Bestandteil der erfolgreichen Firmenpolitik war die Zusammenarbeit mit anderen großen Unternehmen, wie Miller von Aichholz und Kuffner oder Schoeller. Neben Eisen- und Stahlerzeugung, Kohleförderung und -handel, umfasste das Unternehmen der Gebrüder Gutmann bald auch Fabriken für die Zucker- und Spiritus-, Jute-, Soda-, Zellulose- und Schamotterzeugung, eine Waggonfabrik in Stauding und eine Mineralölfabrik in Floridsdorf.

Außerdem besaß Wilhelm von Gutmann im I. Wiener Bezirk am Beethovenplatz 3 das Palais Gutmann, welches er 1869–71 von dem Architekten Carl Tietz im Stil der Neorenaissance hatte errichten lassen[Anm. 4]. Nachdem er 1882 in Baden (Niederösterreich) von Alexander Wielemans von Monteforte und Hugo Zimmermann (1849–1924)[1] in der Helenenstraße 72 eine Sommervilla nach den Formen der deutschen Renaissance des Mittelalters[Anm. 5] hatte erbauen lassen (Bauherrin: Ida von Gutmann)[2], erwarb Wilhelm von Gutmann 1884 dann die 10.000 Hektar umfassende "Herrschaft Jaidhof" (Gföhl, Niederösterreich). Zu diesem Besitz gehörten auch das Schloss Droß und das Schloss Jaidhof. Letzteres ließ er in der nachfolgenden Zeit von Max von Ferstel umfangreich umbauen.

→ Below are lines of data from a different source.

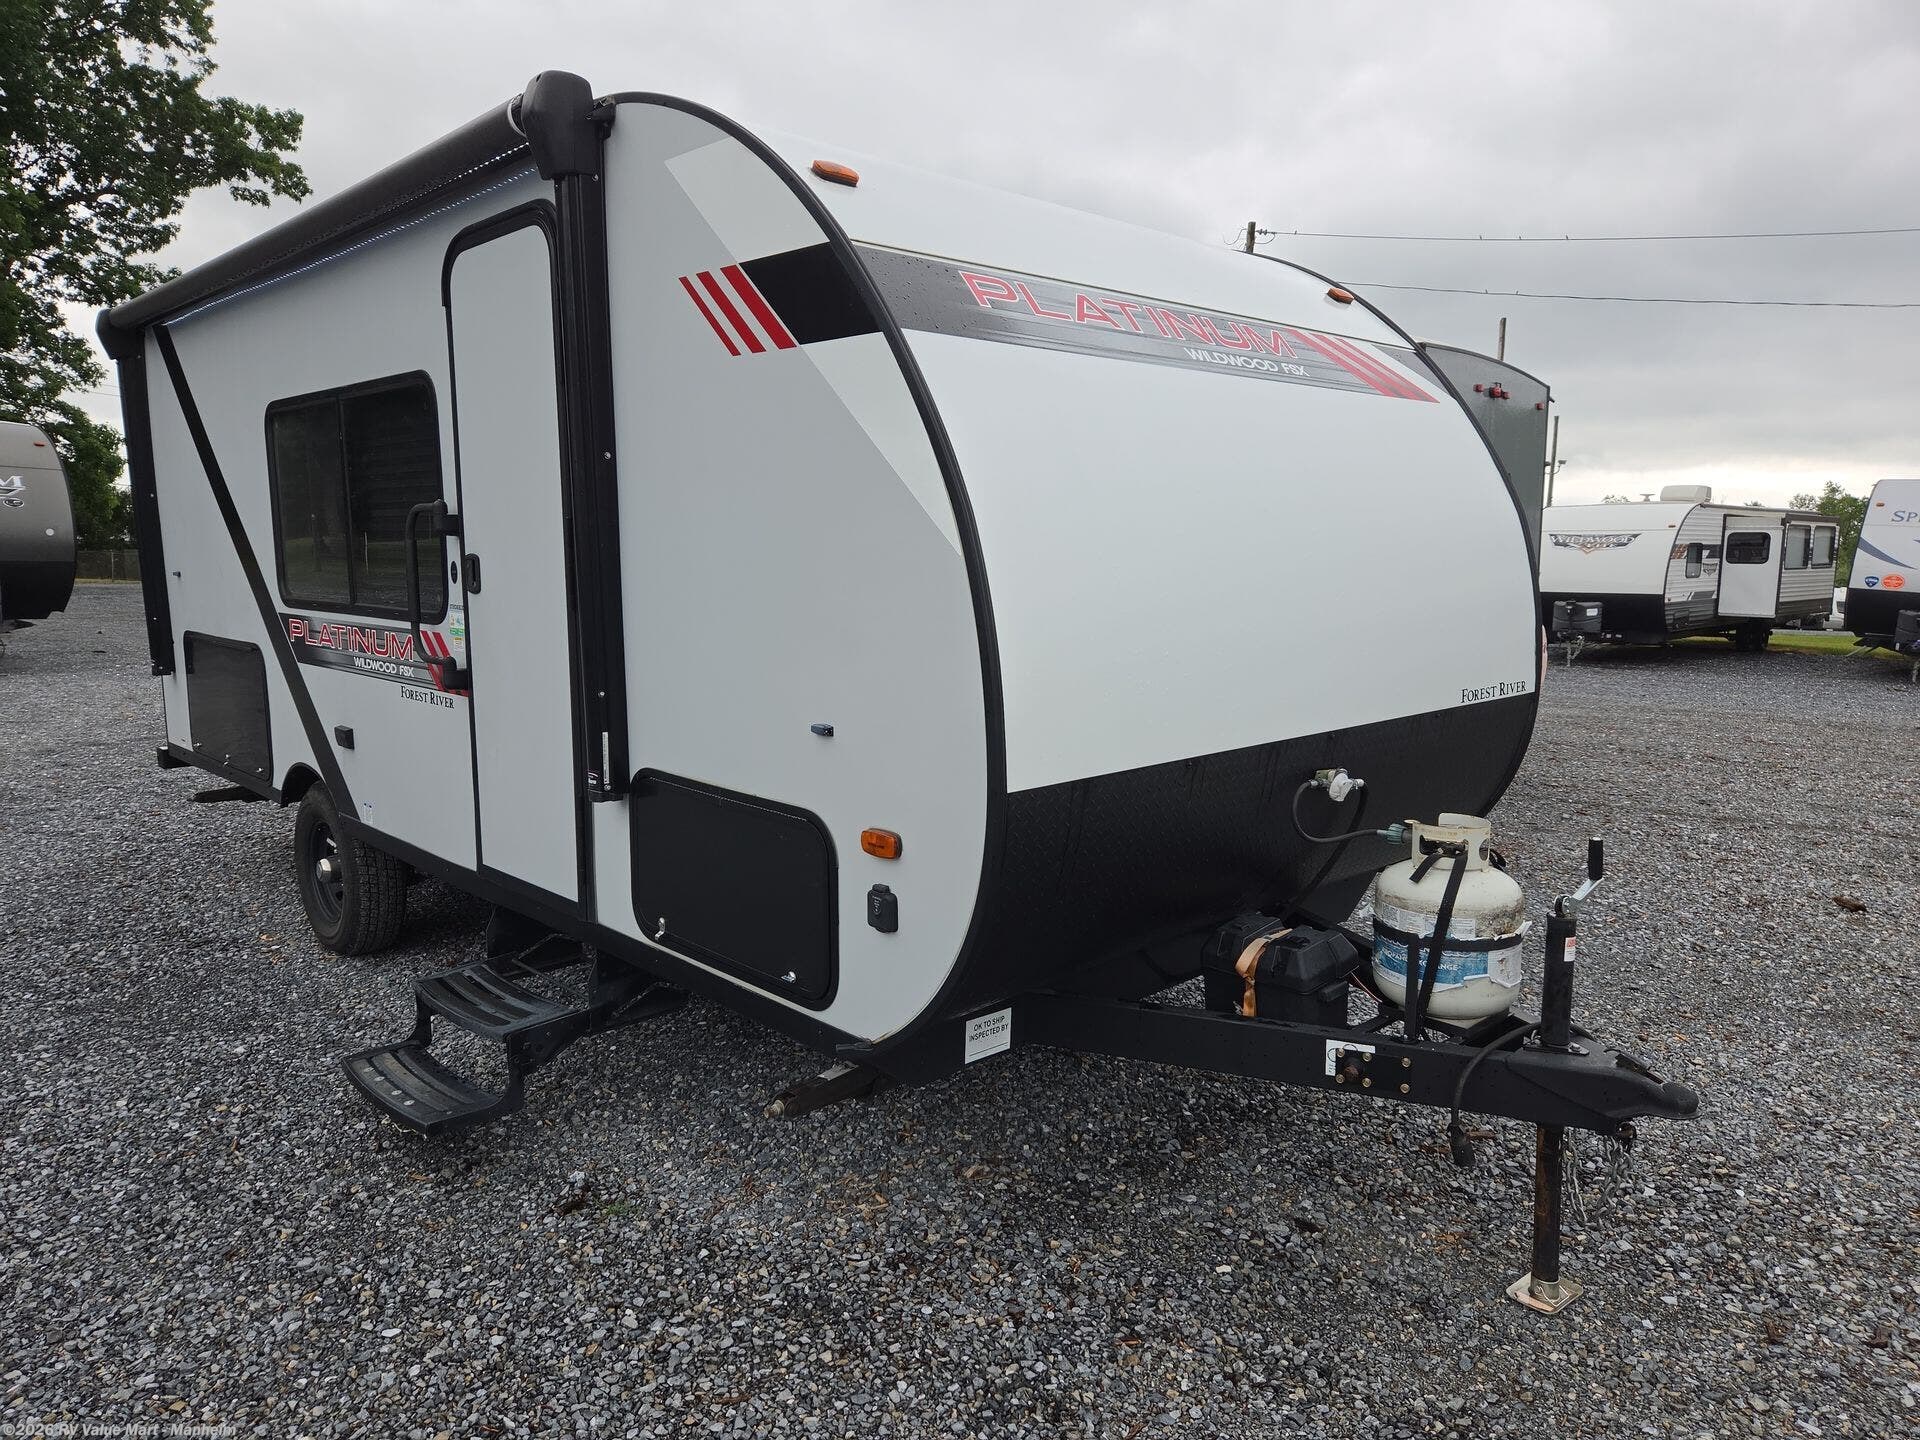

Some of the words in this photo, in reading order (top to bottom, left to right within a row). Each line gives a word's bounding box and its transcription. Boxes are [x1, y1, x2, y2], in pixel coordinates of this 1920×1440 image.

[958, 270, 1299, 360] PLATINUM
[1184, 348, 1278, 373] WILDWOOD
[1281, 361, 1311, 377] FSX
[288, 618, 414, 662] PLATINUM
[353, 656, 397, 674] WILDWOOD
[399, 665, 415, 678] FSX
[400, 685, 428, 704] FOREST
[429, 691, 455, 709] RIVER
[1461, 686, 1497, 703] FOREST
[1499, 680, 1527, 696] RIVER
[969, 1026, 1001, 1041] INSPECTED
[974, 1023, 983, 1031] OK
[984, 1020, 991, 1028] TO
[992, 1016, 1005, 1025] SHIP

Auch als Philanthrop war Wilhelm von Gutmann sehr aktiv. So war er zusammen mit seinem Bruder Mitbegründer der Israelitischen Theologischen Lehranstalt und Förderer des Beth ha-Midrasch sowie des Israelitischen Mädchenwaisenhauses im 19. Wiener Gemeindebezirk (Döbling). Daneben unterstützte er auch andere humanitäre und soziale Projekte, wie die Errichtung einer Kinderabteilung an der Poliklinik in Wien, ein Altersheim in Krems, Stiftungen in Leipnik u.a. Für Ihre Verdienste wurden die Brüder Gutmann 1878 schließlich in den erblichen Ritterstand (Ritter des Ordens der Eisernen Krone III. Kl.) erhoben.

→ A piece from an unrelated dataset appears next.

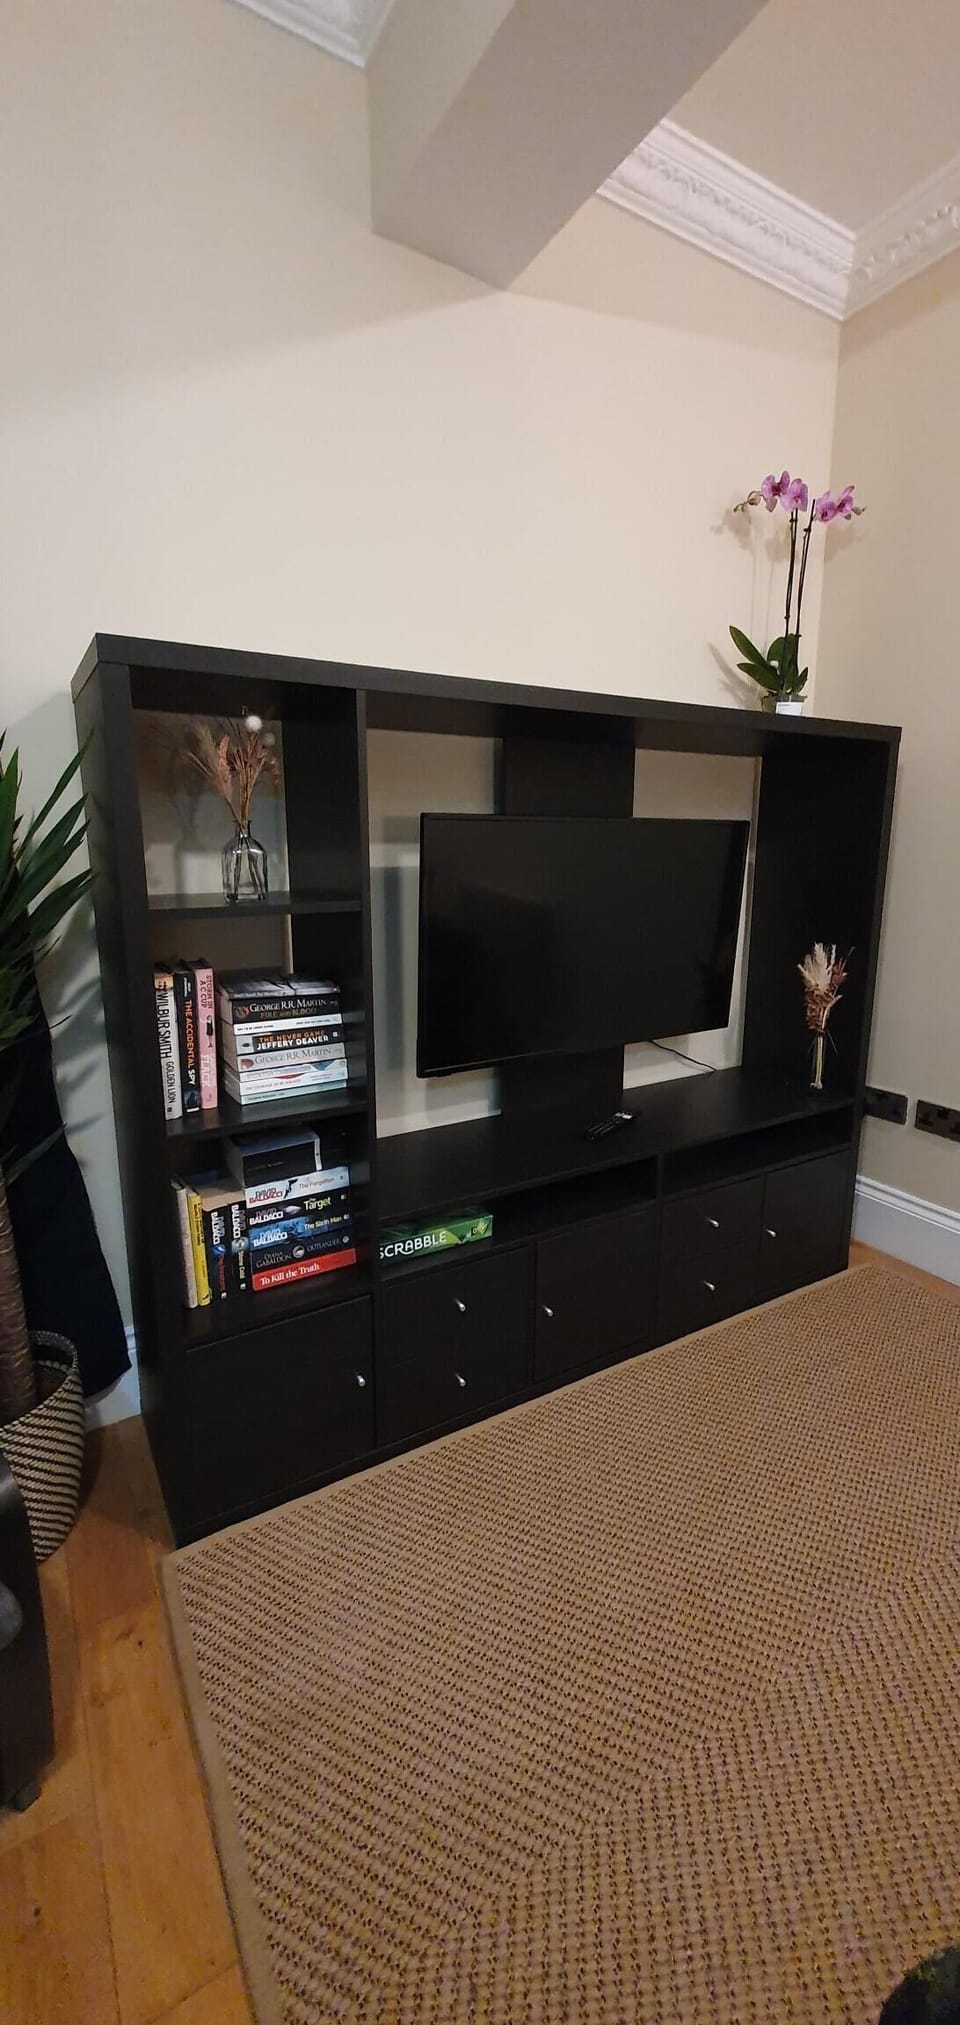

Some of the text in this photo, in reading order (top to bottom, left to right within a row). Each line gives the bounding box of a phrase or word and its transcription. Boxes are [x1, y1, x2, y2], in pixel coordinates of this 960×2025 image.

Wilhelm von Gutman war zudem Mitglied des Niederösterreichischen Landtags und von 1878 bis 1884 Mitglied der Handels- und Gewerbekammer (Kammerrat). Ferner war er Gründer des Industriellenklubs (Vorläufer der heutigen Industriellenvereinigung), des "Verein der Montan-, Eisen- und Maschinenindustriellen in Österreich" und des Philanthropischen Vereins Wien. 1891 veröffentlichte Wilhelm von Gutmann seine Memoiren unter dem Titel "Aus meinem Leben" (Siehe weiter unten bei den Angaben zur Literatur)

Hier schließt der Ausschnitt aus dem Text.